--- Task input ---

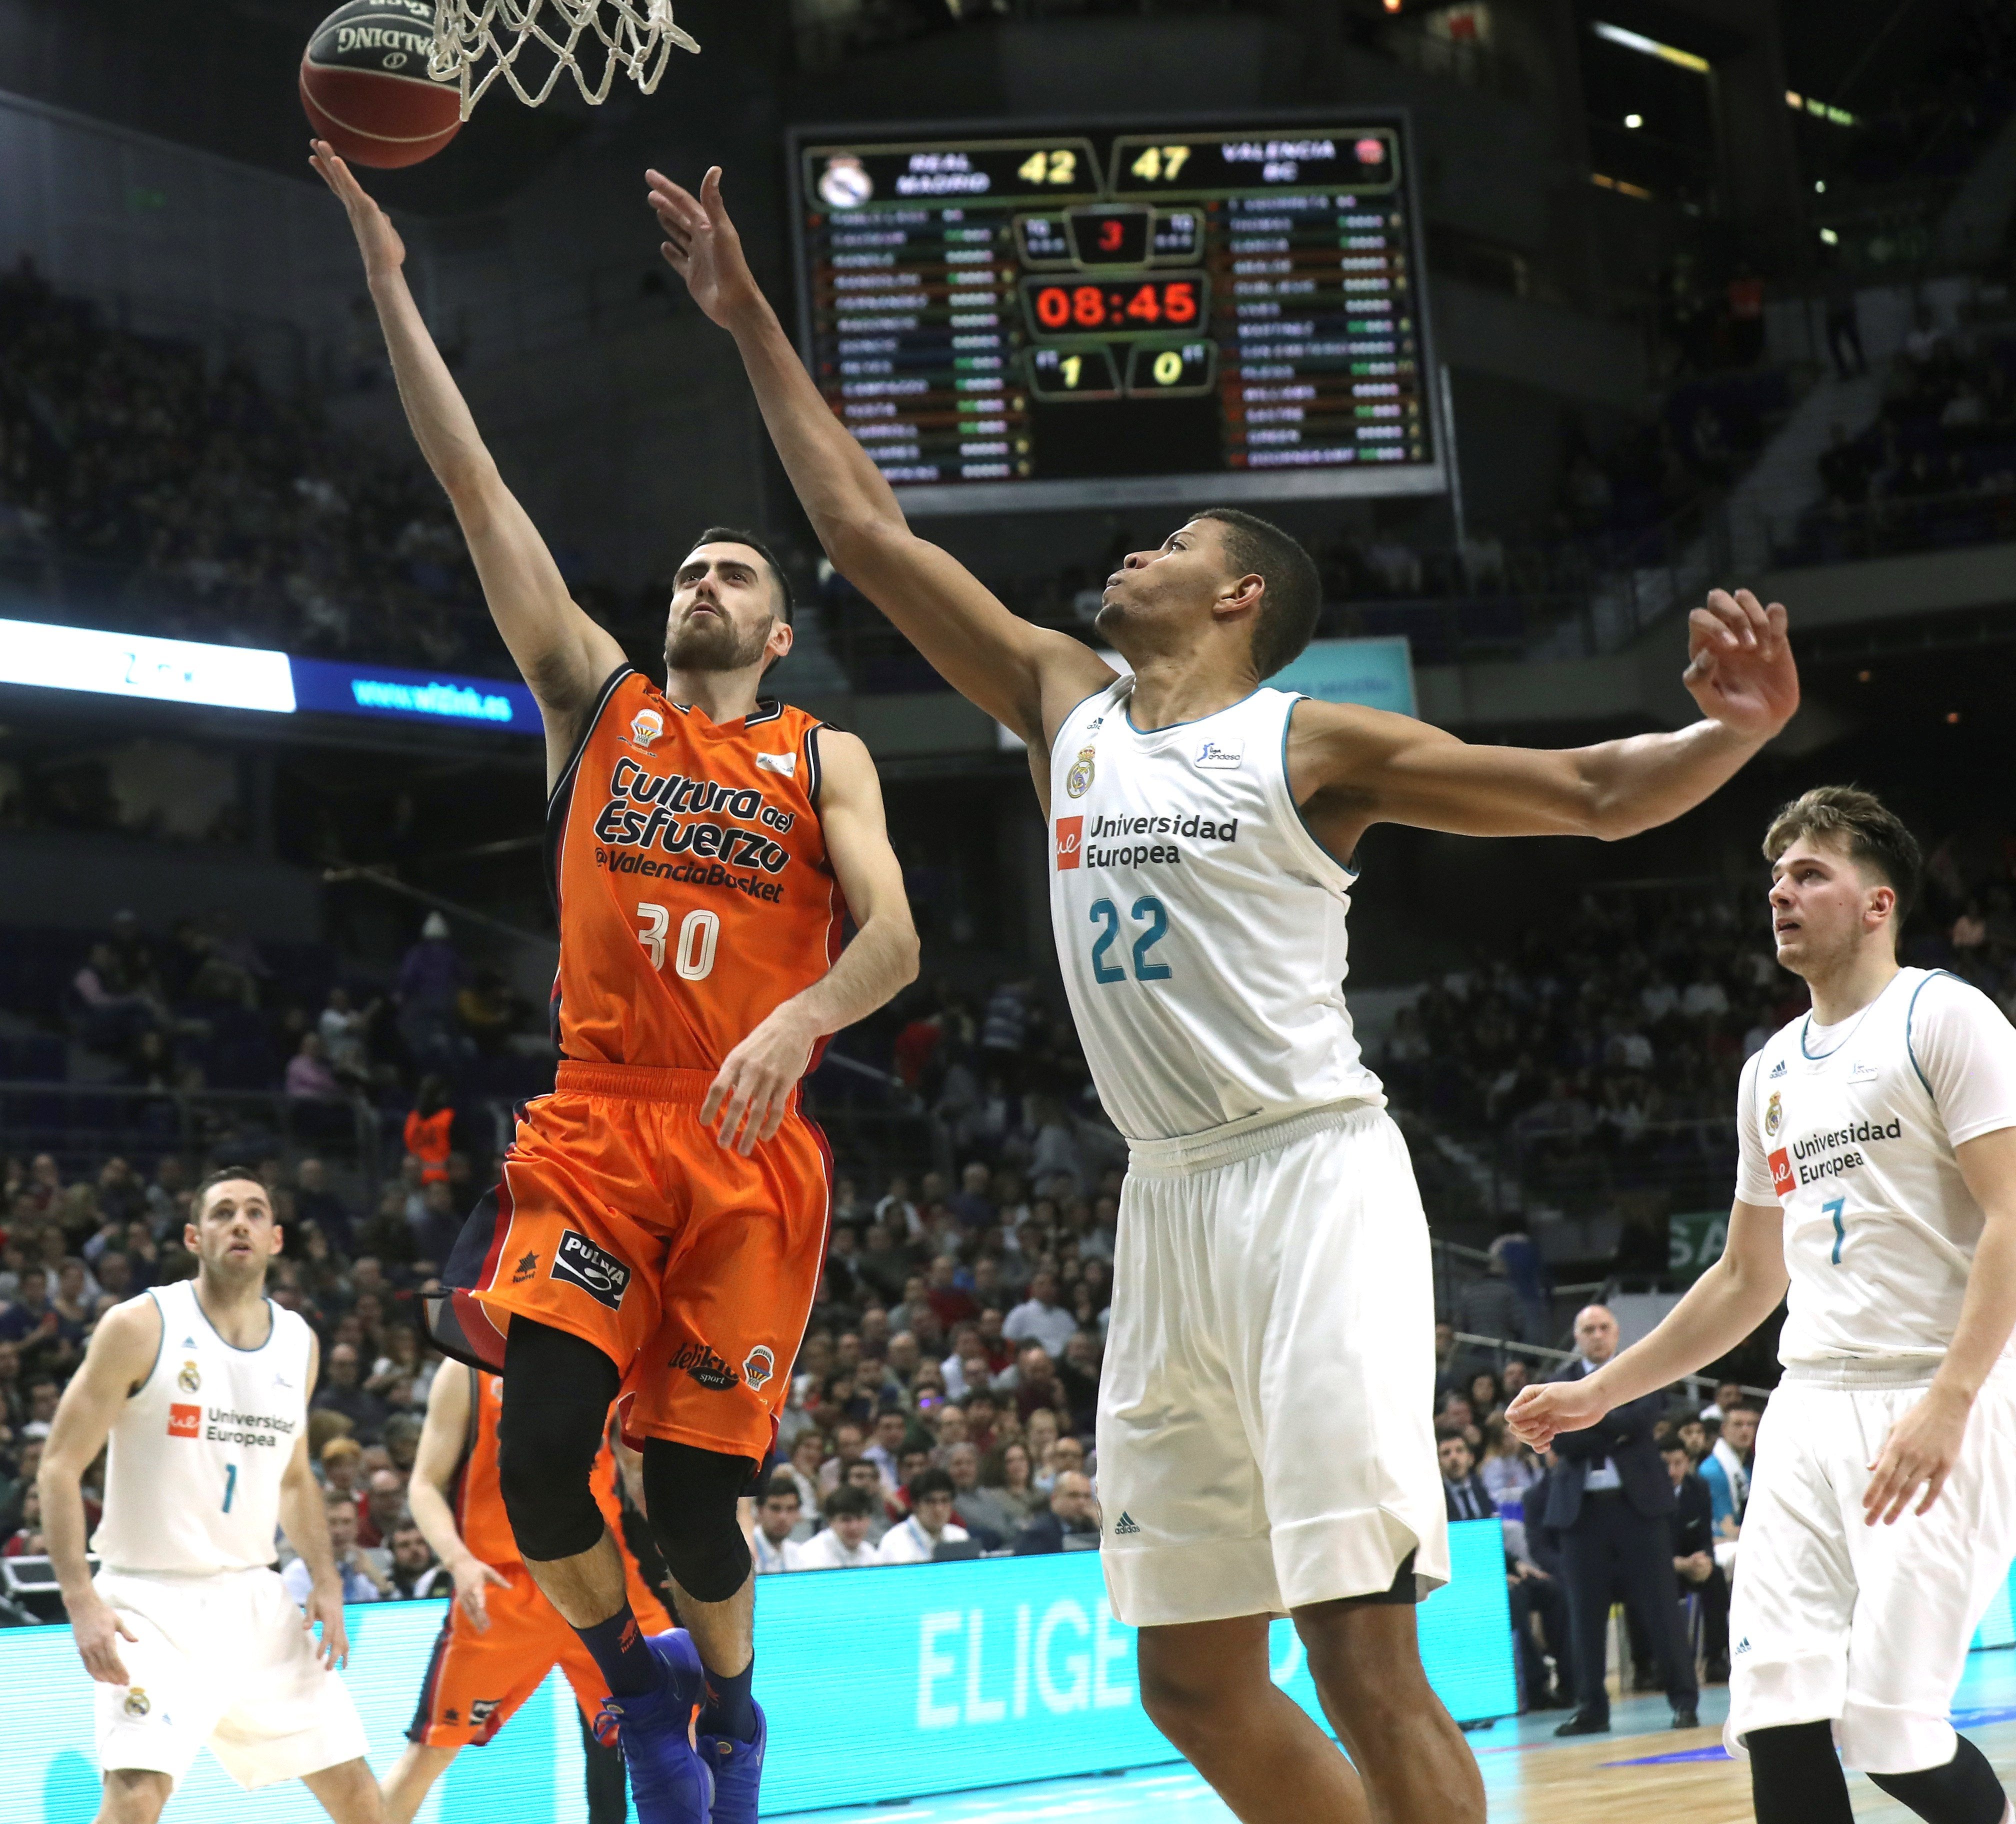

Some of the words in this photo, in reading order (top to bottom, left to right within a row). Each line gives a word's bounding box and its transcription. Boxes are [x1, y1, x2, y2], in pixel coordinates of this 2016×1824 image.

[908, 152, 971, 173] REAL
[1018, 150, 1076, 184] 42
[1131, 145, 1191, 180] 47
[896, 172, 990, 195] MADRID
[1098, 220, 1124, 250] 3
[1036, 282, 1196, 328] 08:45
[1060, 356, 1082, 388] 1
[1154, 351, 1182, 386] 0
[610, 756, 762, 820] Cultura
[760, 806, 795, 834] del
[594, 800, 790, 874] Esfuerzo
[1090, 814, 1238, 842] Universidad
[1087, 844, 1180, 869] Europea
[595, 848, 784, 903] @ValenciaBasket
[637, 902, 720, 980] 30
[1090, 896, 1172, 984] 22
[1793, 1118, 1902, 1160] Universidad
[1800, 1150, 1864, 1186] Europea
[1822, 1197, 1845, 1265] 7
[700, 1374, 724, 1384] sport
[206, 1426, 276, 1446] Europea
[208, 1407, 295, 1434] Universidad
[222, 1464, 237, 1514] 1
[1115, 1524, 1140, 1534] adidas
[916, 1598, 1134, 1728] ELIGE

---

• [Instructions to follow] Could the material above be written out again word for word, with the pictures dropped?

• [Exercise output]
Some of the words in this photo, in reading order (top to bottom, left to right within a row). Each line gives a word's bounding box and its transcription. Boxes are [x1, y1, x2, y2], in pixel coordinates of this 2016×1824 image.

[908, 152, 971, 173] REAL
[1018, 150, 1076, 184] 42
[1131, 145, 1191, 180] 47
[896, 172, 990, 195] MADRID
[1098, 220, 1124, 250] 3
[1036, 282, 1196, 328] 08:45
[1060, 356, 1082, 388] 1
[1154, 351, 1182, 386] 0
[610, 756, 762, 820] Cultura
[760, 806, 795, 834] del
[594, 800, 790, 874] Esfuerzo
[1090, 814, 1238, 842] Universidad
[1087, 844, 1180, 869] Europea
[595, 848, 784, 903] @ValenciaBasket
[637, 902, 720, 980] 30
[1090, 896, 1172, 984] 22
[1793, 1118, 1902, 1160] Universidad
[1800, 1150, 1864, 1186] Europea
[1822, 1197, 1845, 1265] 7
[700, 1374, 724, 1384] sport
[206, 1426, 276, 1446] Europea
[208, 1407, 295, 1434] Universidad
[222, 1464, 237, 1514] 1
[1115, 1524, 1140, 1534] adidas
[916, 1598, 1134, 1728] ELIGE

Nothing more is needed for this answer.